The console will return this when an instance is called.

instance0

The __len__ special method

The __len__ special method displays the length of an object when the len() function is used. It should return an int. Because this is a scalar we can set the length to always be 1.

class ScalarClass(object):
    def __init__(self,value):
        self.value=value

    def get_value(self):
        return(self.value)
    
    def set_value(self,new_value):
        self.value=new_value
        
    def __str__(self):
        return("¿"+str(ScalarClass.get_value(self))+"?")
    
    def __repr__(self):
        return("ScalarClass("+str(ScalarClass.get_value(self))+")")
    
    def __len__(self):
        return(1)
instance0=ScalarClass(23)
len(instance0)

Self and Other

So far we have only looked at a method that gets or sets an attribute from a single instance. It is common to make a method which compares the self instance to an other instance.

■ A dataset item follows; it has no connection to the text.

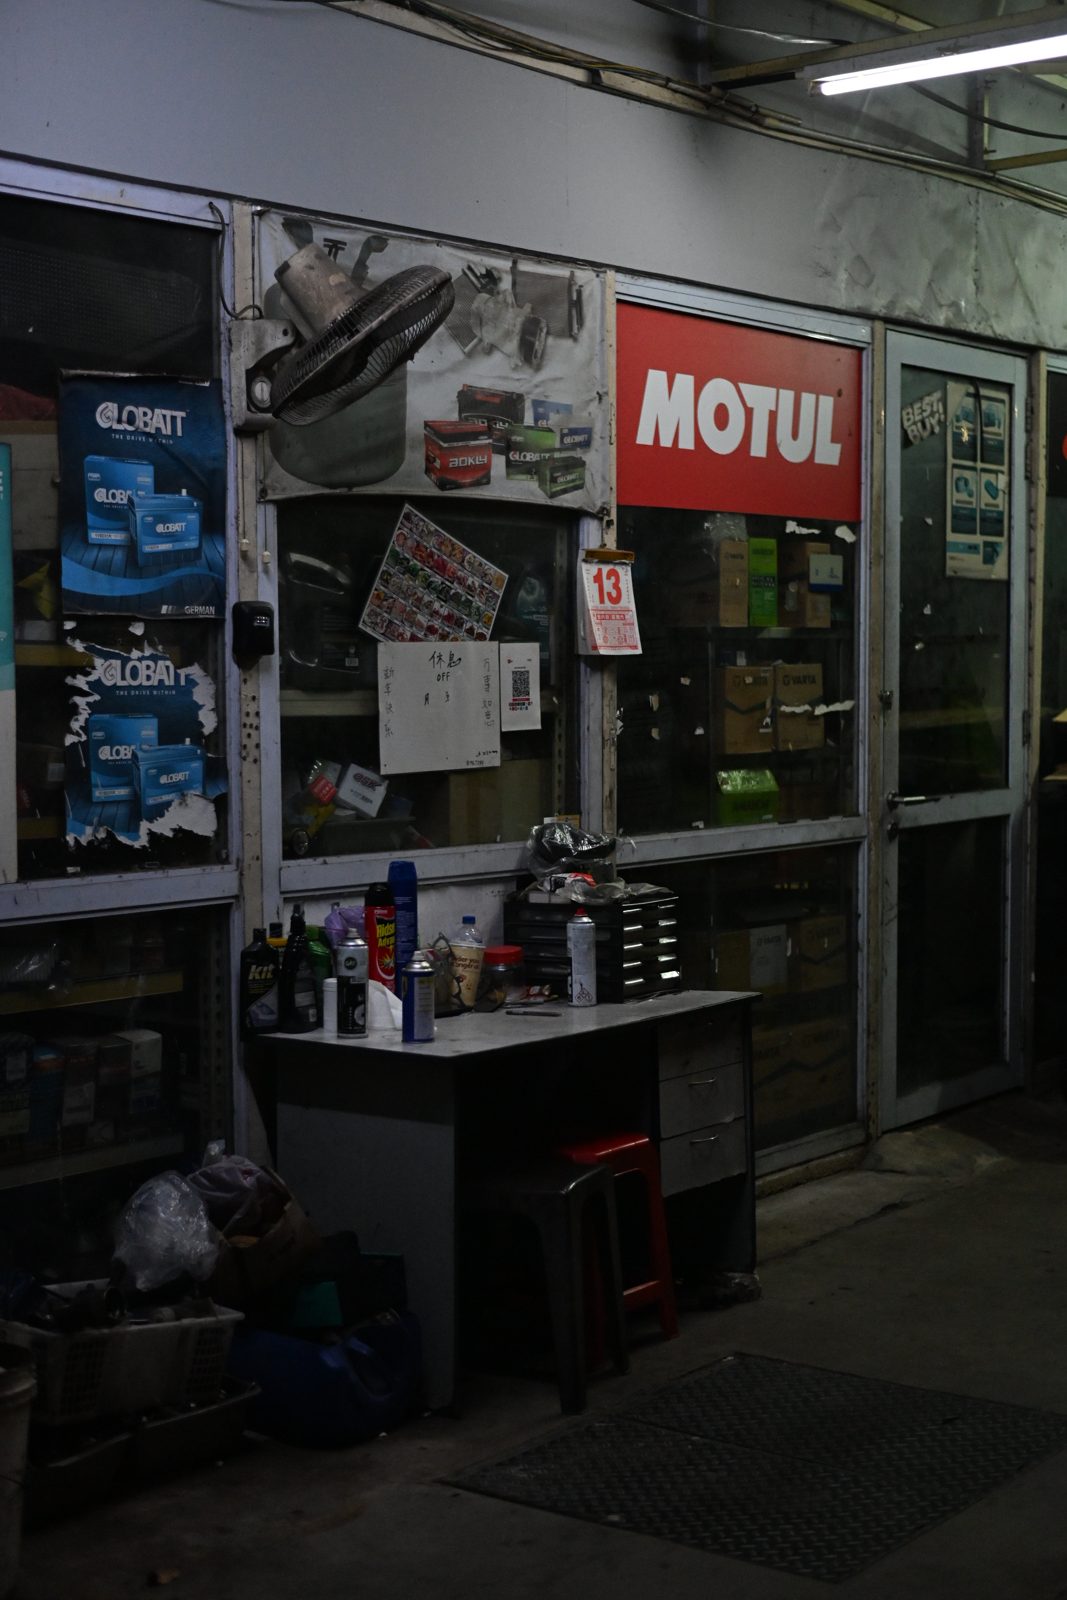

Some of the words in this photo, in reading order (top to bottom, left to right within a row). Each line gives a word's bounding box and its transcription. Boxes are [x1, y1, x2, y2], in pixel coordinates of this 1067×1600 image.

class ScalarClass(object):
    def __init__(self,value):
        self.value=value

    def get_value(self):
        return(self.value)
    
    def set_value(self,new_value):
        self.value=new_value

    def __repr__(self):
        return("ScalarClass("+str(ScalarClass.get_value(self))+")")        
        
    def addition(self,other):
        added_value=(ScalarClass.get_value(self)+ScalarClass.get_value(other))
        return(ScalarClass(added_value))
    

This method can be called from the class or from an instance. Note that once again the self input argument needs to be provided when calling the method directly from the class because the self instance otherwise is not defined but does not to be supplied when calling the method from an instance as it is implied:

instance0=ScalarClass(1)
instance1=ScalarClass(2)
instance2=ScalarClass.addition(instance0,instance1)
instance2
instance3=instance0.addition(instance1)
instance3

Using the special methods on a scalar

We seen earlier that the special method __str__ mapped to print(). The special method __add__ maps to the + operator.

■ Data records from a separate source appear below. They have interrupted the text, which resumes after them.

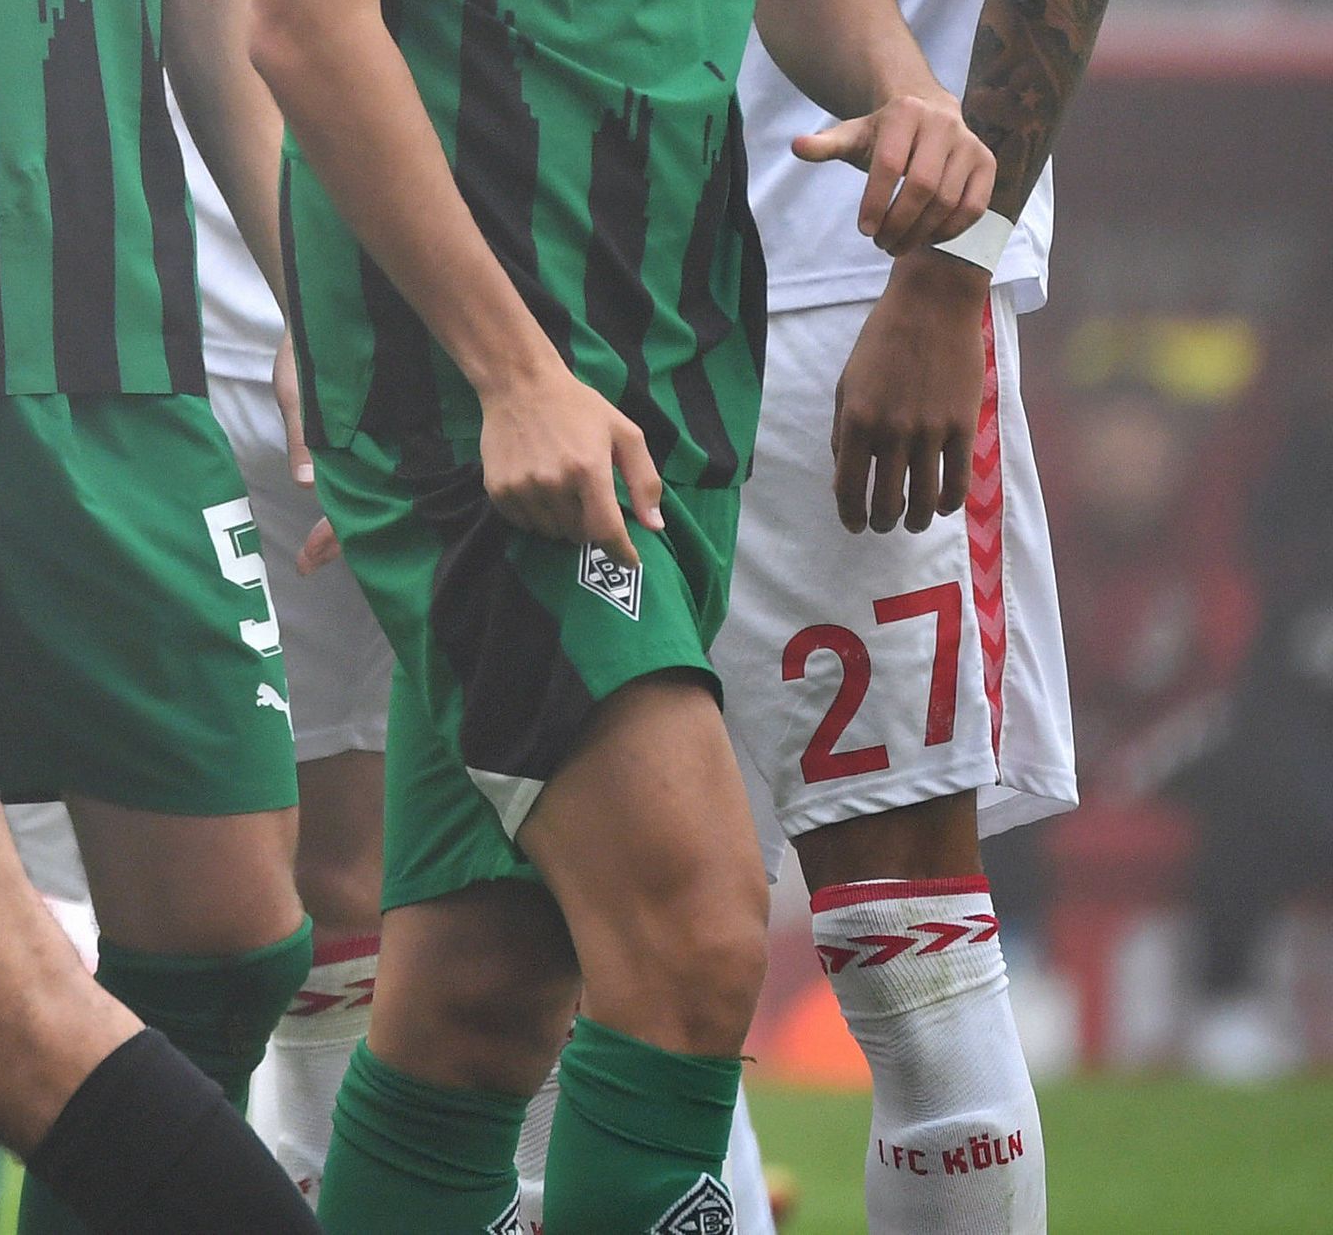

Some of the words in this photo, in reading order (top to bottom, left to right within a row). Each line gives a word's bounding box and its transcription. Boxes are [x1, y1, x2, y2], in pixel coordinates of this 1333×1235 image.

[202, 496, 283, 658] 5
[781, 580, 963, 784] 27
[941, 1130, 1023, 1175] KÖLN
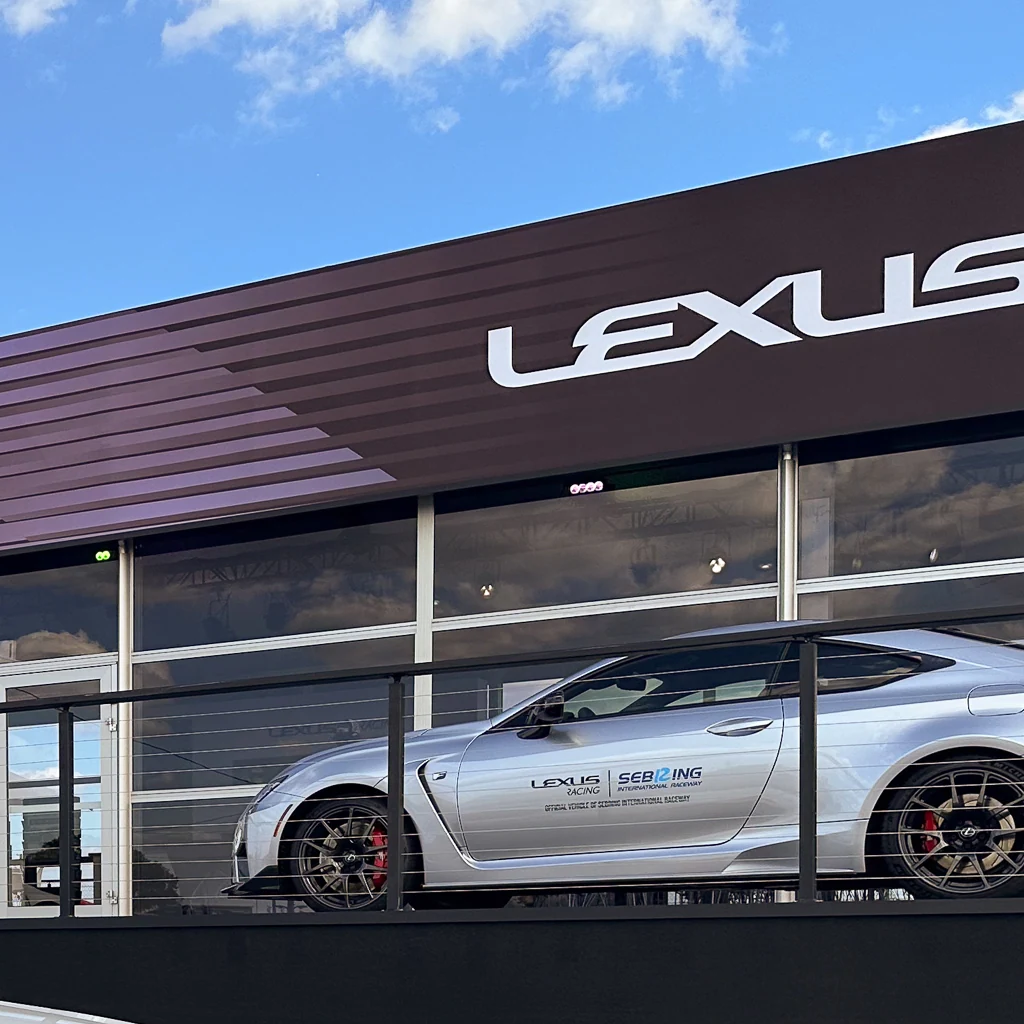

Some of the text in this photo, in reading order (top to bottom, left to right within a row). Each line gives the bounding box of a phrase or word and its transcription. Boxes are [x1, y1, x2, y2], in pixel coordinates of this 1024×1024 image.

[487, 232, 1024, 388] LEXUS
[531, 775, 600, 789] LEXUS
[617, 780, 703, 792] INTERNATIONAL RACEWAY
[567, 786, 600, 796] RACING
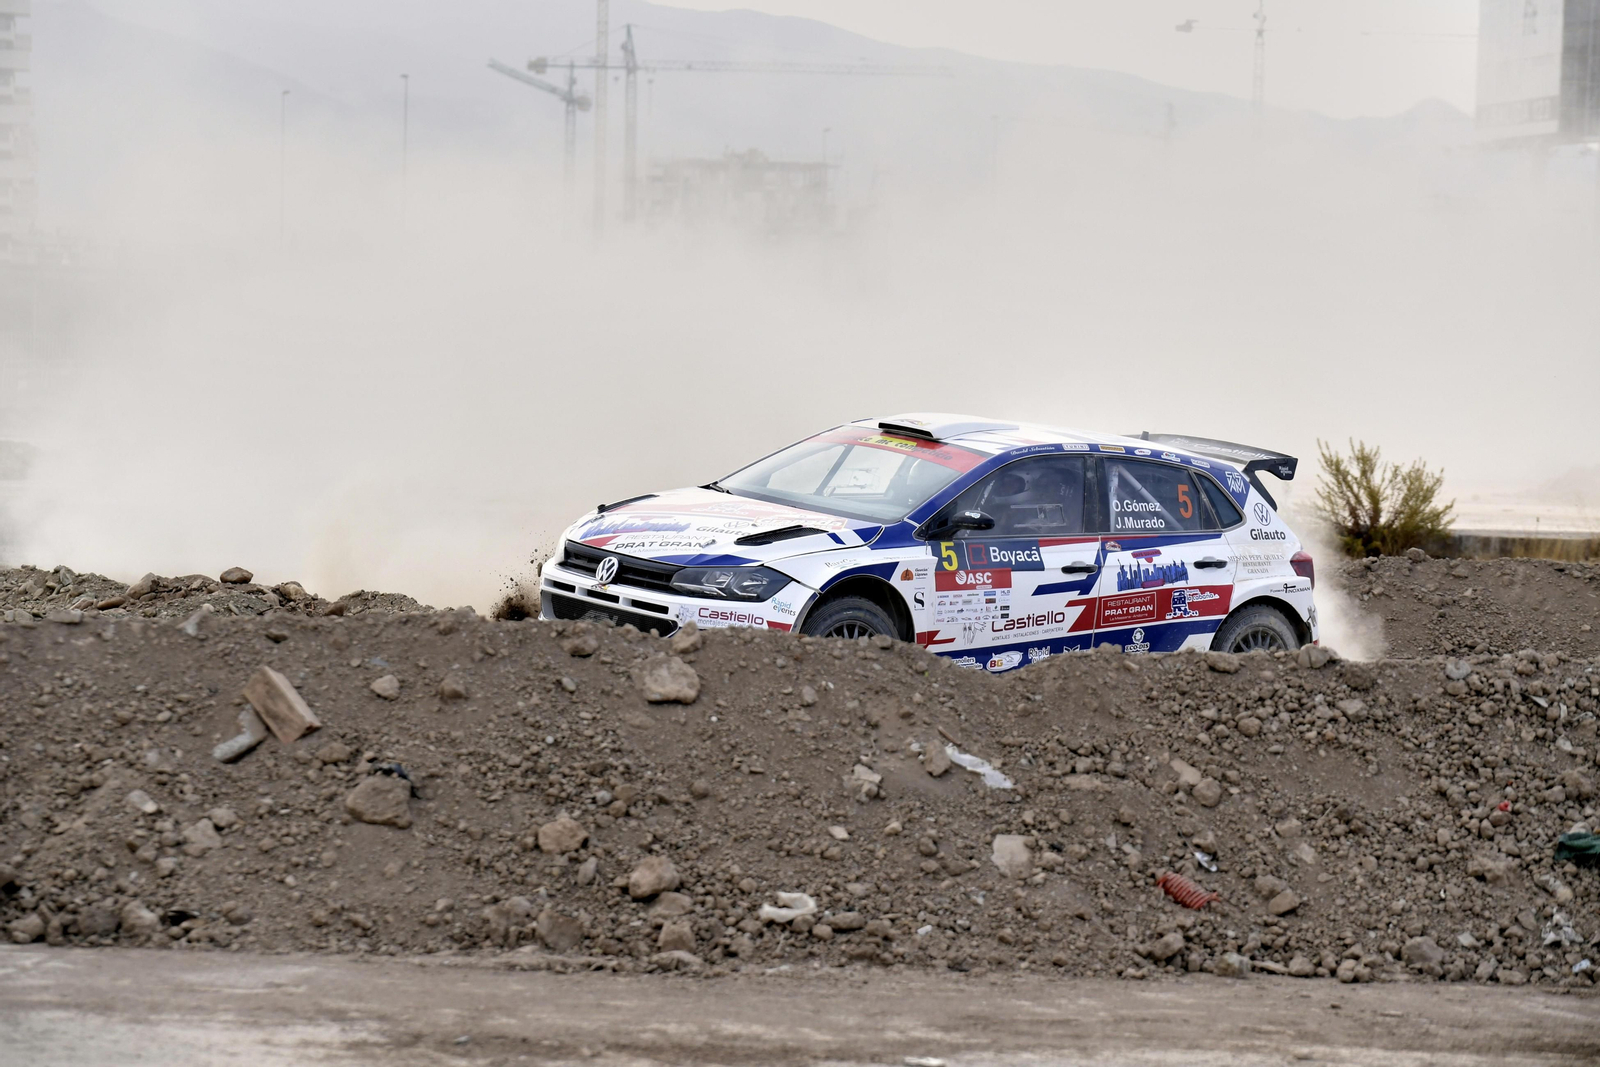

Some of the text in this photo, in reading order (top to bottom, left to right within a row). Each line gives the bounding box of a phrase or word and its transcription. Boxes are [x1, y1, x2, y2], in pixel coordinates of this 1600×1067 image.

[1112, 499, 1162, 512] O.Gómez
[1177, 484, 1193, 519] 5
[1115, 516, 1165, 529] J.Murado
[625, 533, 711, 541] RESTAURANT
[1249, 528, 1286, 541] Gilauto
[614, 541, 658, 550] PRAT
[940, 541, 959, 571] 5
[967, 572, 992, 585] ASC
[914, 591, 925, 608] S
[1107, 596, 1151, 607] RESTAURANT
[698, 607, 764, 626] Castiello
[1105, 604, 1153, 616] PRAT GRAN
[1013, 630, 1039, 638] INSTALACIONES
[952, 656, 975, 664] ranollers
[989, 659, 1003, 668] BG

For a string the underlying code for the special method __add__ performs a concatenation between the self instance and the other instance. In the case of a number the special method __add__ instead performs an addition. This is the reason why the behaviour is different for the str class and the int class for example:

"a"+"b"
2+4

In place of our earlier method name addition we can use the special method __add__. Now:

class ScalarClass(object):
    def __init__(self,value):
        self.value=value

    def get_value(self):
        return(self.value)
    
    def set_value(self,new_value):
        self.value=new_value
        
    def __str__(self):
        return("¿"+str(ScalarClass.get_value(self))+"?")
    
    def __repr__(self):
        return("ScalarClass("+str(ScalarClass.get_value(self))+")")
    
    def __add__(self,other):
        added_value=(ScalarClass.get_value(self)+ScalarClass.get_value(other))
        return(ScalarClass(added_value))
        

instance0=ScalarClass(10)
instance1=ScalarClass(20)

We can use the following commands or the more commonly used + operator.

ScalarClass.__add__(instance0,instance1)
instance0.__add__(instance1)
instance0+instance1
instance2=instance0+instance1
instance2

We can now go ahead and define a number of additional mathematical methods applicable to a scalar.

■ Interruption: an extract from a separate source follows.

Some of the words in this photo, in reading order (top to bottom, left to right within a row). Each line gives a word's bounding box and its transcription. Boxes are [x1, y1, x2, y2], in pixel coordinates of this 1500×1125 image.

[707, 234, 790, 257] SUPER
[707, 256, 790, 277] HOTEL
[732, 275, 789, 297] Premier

class ScalarClass(object):
    def __init__(self,value):
        # initializes a scalar value as value
        self.value=value

    def get_value(self):
        # custom method to get the value
        return(self.value)
    
    def set_value(self,new_value):
        # custom method to set the value
        self.value=new_value
        
    def __str__(self):
        # Defines the way the print command works with an instance
        # print(self)
        return("¿"+str(ScalarClass.get_value(self))+"?")
    
    def __repr__(self):
        # Formal representation of object.
        return("ScalarClass("+str(ScalarClass.get_value(self))+")")
    
    def __len__(self):
        # special method that
        # returns the length when using
        # len(self)
        return(1)
    
    def __add__(self,other):
        # special method that
        # defines the behaviour of the + operator
        # self+value
        added_value=(ScalarClass.get_value(self)+ScalarClass.get_value(other))
        return(ScalarClass(added_value))
    
    def __sub__(self,other):
        # special method that
        # defines the behaviour of the - operator
        # self-value
        sub_value=(ScalarClass.get_value(self)-ScalarClass.get_value(other))
        return(ScalarClass(sub_value))
    
    def __mul__(self,other):
        # special method that
        # defines the behaviour of the * operator
        # self*value
        mul_value=(ScalarClass.get_value(self)*ScalarClass.get_value(other))
        return(ScalarClass(mul_value))
        
    def __truediv__(self,other):
        # special method that
        # defines the behaviour of the / operator
        # self+value
        div_value=(ScalarClass.get_value(self)/ScalarClass.get_value(other))
        return(ScalarClass(div_value))    
            
    def __floordiv__(self,other):
        # special method that
        # defines the behaviour of the // operator
        # self//value
        full_value=(ScalarClass.get_value(self)//ScalarClass.get_value(other))
        return(ScalarClass(full_value))       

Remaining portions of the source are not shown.